One school of thought is that database technology is indeed required, but that an object database would be far more appropriate than an RDB. There are two discussions to be had here, the religious and the practical. I don't feel up to arguing religion, but I do feel that object database technology is still sufficiently immature that it should be avoided in this case, by those of us who lack any experience in the field.
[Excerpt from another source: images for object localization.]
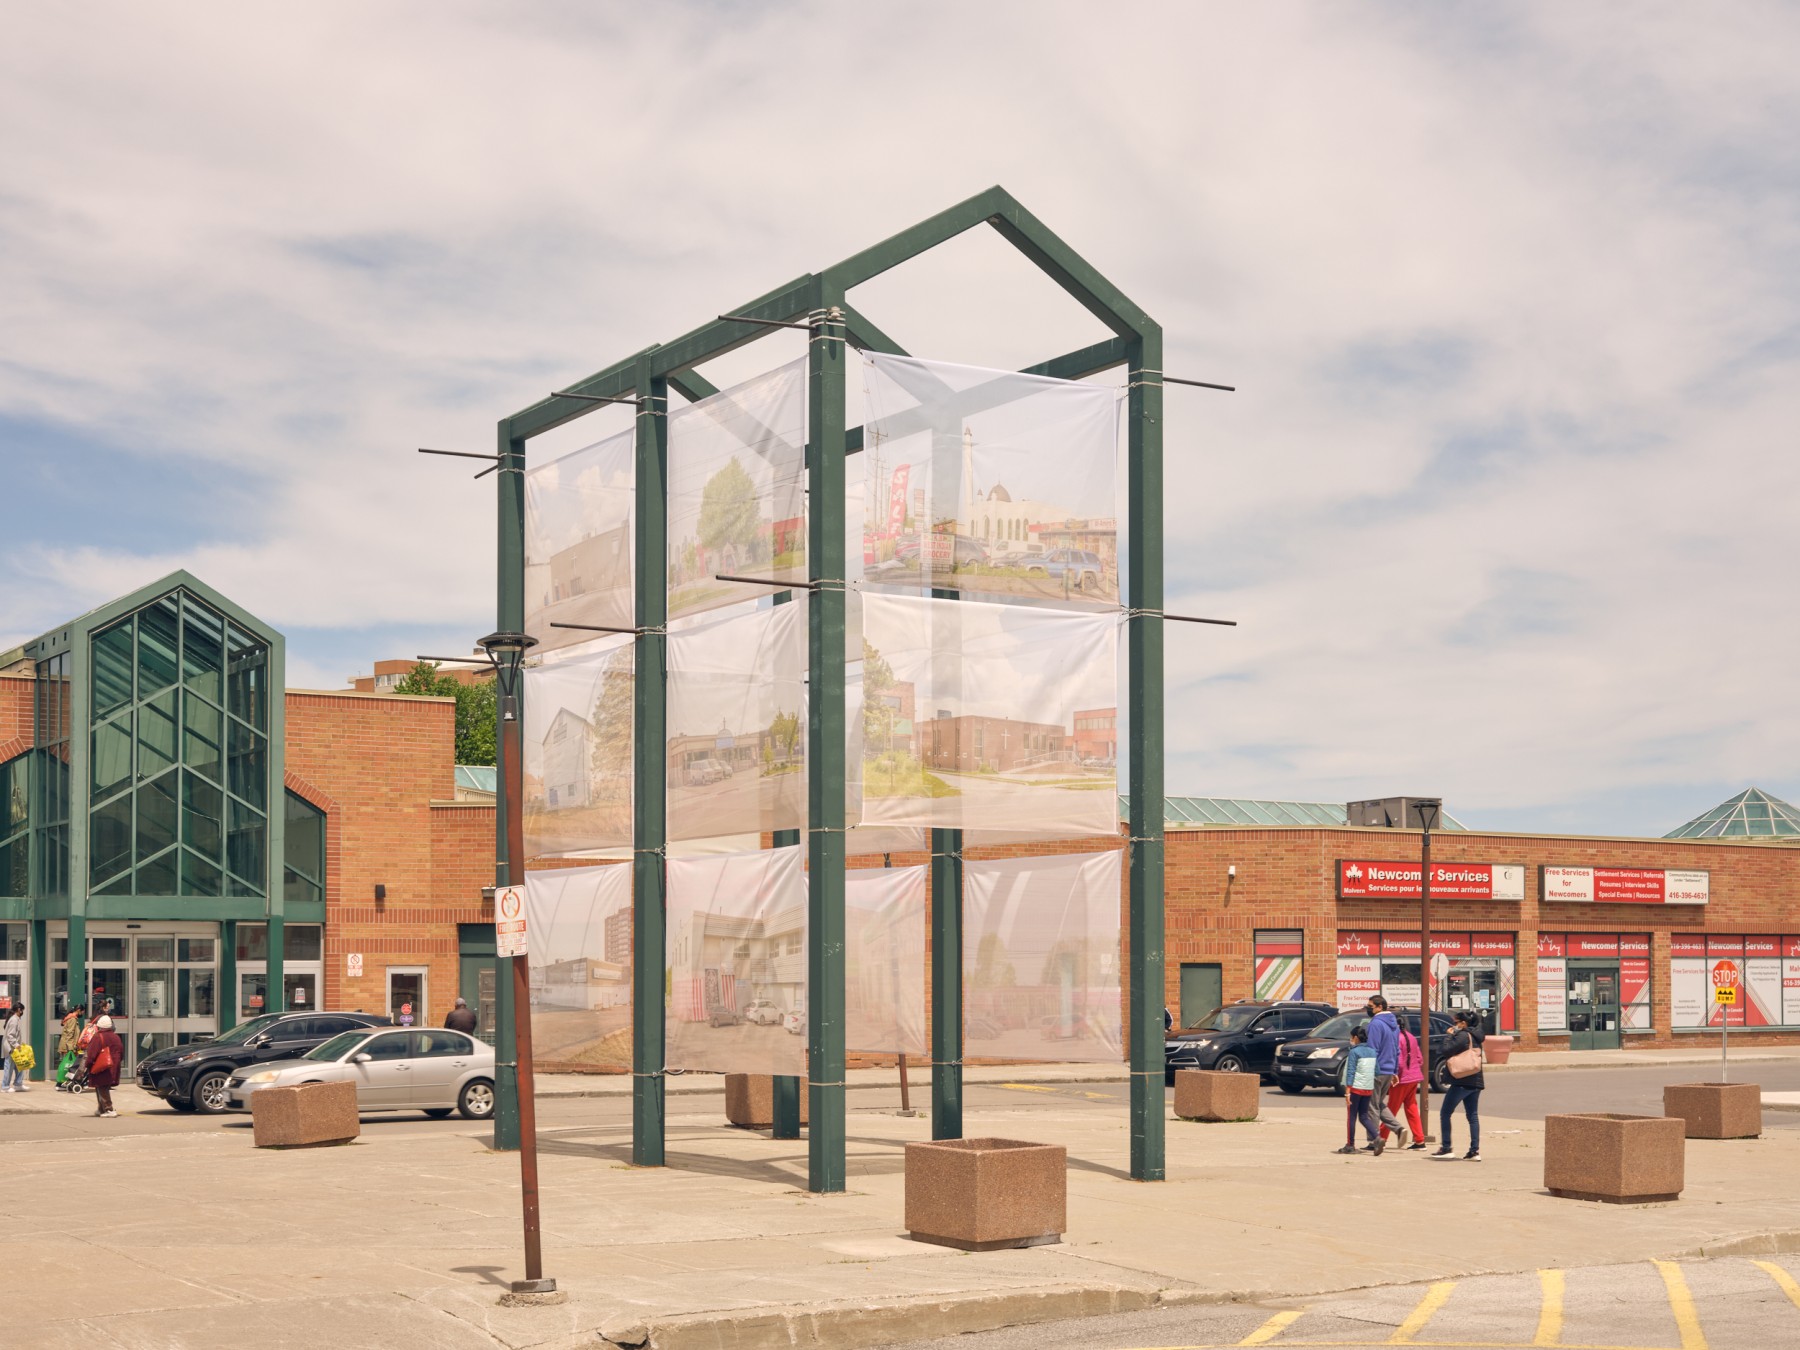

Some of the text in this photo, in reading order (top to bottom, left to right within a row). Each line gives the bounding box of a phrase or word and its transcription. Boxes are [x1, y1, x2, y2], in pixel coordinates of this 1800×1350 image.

[1368, 867, 1434, 881] Newcomr
[1437, 868, 1490, 882] Services
[1368, 884, 1398, 892] Services
[1460, 886, 1490, 894] arrivants
[1598, 891, 1615, 899] Special
[1383, 939, 1461, 949] Newcome Services
[1581, 941, 1649, 950] Newcomer Services
[1708, 941, 1742, 950] Newcomer
[1745, 941, 1774, 950] Services
[1344, 965, 1371, 973] Malvern
[1714, 970, 1737, 982] STOP
I did incidentally receive a comment from the author of Ganymede, friendly enough but understandably slightly put out that I had been so dismissive. In particular he was at pains to challenge my charge of parochialism, and perhaps he was right. Clearly a lot of the effort there has gone into the underlying general purpose object database, and if we did want to follow that faith then maybe this would be a good sect to join. It may also be that it is we who have the parochial requirements, not he. He did however point me to someone else who is wrestling with similar problems and apparently investing in the RDB faith. See http://staff.feldberg.brandeis.edu/~rcgraves/dhcp.html and http://staff.feldberg.brandeis.edu/~rcgraves/norm/, the former containing a useful survey of available address management technologies and implementations.
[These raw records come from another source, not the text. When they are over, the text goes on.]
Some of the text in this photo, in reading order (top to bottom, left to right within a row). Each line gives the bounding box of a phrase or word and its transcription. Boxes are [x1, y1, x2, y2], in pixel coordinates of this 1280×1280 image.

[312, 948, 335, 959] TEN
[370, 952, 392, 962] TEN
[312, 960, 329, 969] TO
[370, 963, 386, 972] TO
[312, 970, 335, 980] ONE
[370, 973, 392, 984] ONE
There were also a number of suggestions that PostgreSQL and sundry other RDBMs were worth a second look, but no counters to the fact that we already run the CS admin database on Oracle, affording the advantages of established expertise and ease of integration.

There was support for the quick & simple architecture that only copes with the common case, but as it happens I have meanwhile gained a little more confidence in the RDB world, and come to the conclusion that a little more structural complexity can actually make the job easier, mainly because required constraints on the data can then be encoded easily as standard SQL constraints, rather than as complex and error-prone executable front-end code. I am fortunate in having an experienced mentor to offset my own inexperience here.

IPV6 ethos

IPV6 addresses may possibly be two a penny, and not worth serious conservation. More seriously I was reminded that IPV6 contains provision for IP addresses whose local part is basically the interface MAC address, and that there is a whole ethos there of automatic self-registration, or non-registration if you like to view it that way. Certainly the notion of pre-constructed records for individual addresses in the database can't survive this, and a generative apparatus would be needed. More worryingly, this ethos could indeed drive a wedge into the manageability of the CUDN as we currently conceive it, not unlike the current pressures for NAT arising from off-the-shelf firewall products. At this point I duck, since it is all speculative and since something is clearly required anyway meanwhile and will continue so for the many cases where some registration certainly is inevitable. The only sure conclusion I do draw is that flexibility is of the essence.

Future discussions

A couple of people asked for a discussion forum such as a mailing list or local newsgroup. I'm not fundamentally opposed to the idea, but I think the time may not be quite ripe. At this stage it might raise expectations unrealistically, whereas precious little is going to happen for a while yet. A moribund or unresponsive forum seems a bad idea. Maybe when/if the pace picks up... Meanwhile, any comments can be sent to me, ajms@cam.ac.uk.

Other points

A range of other suggestions and comments were offered, and I am grateful for all of them, even though I don't propose to list every tiny detail here and now.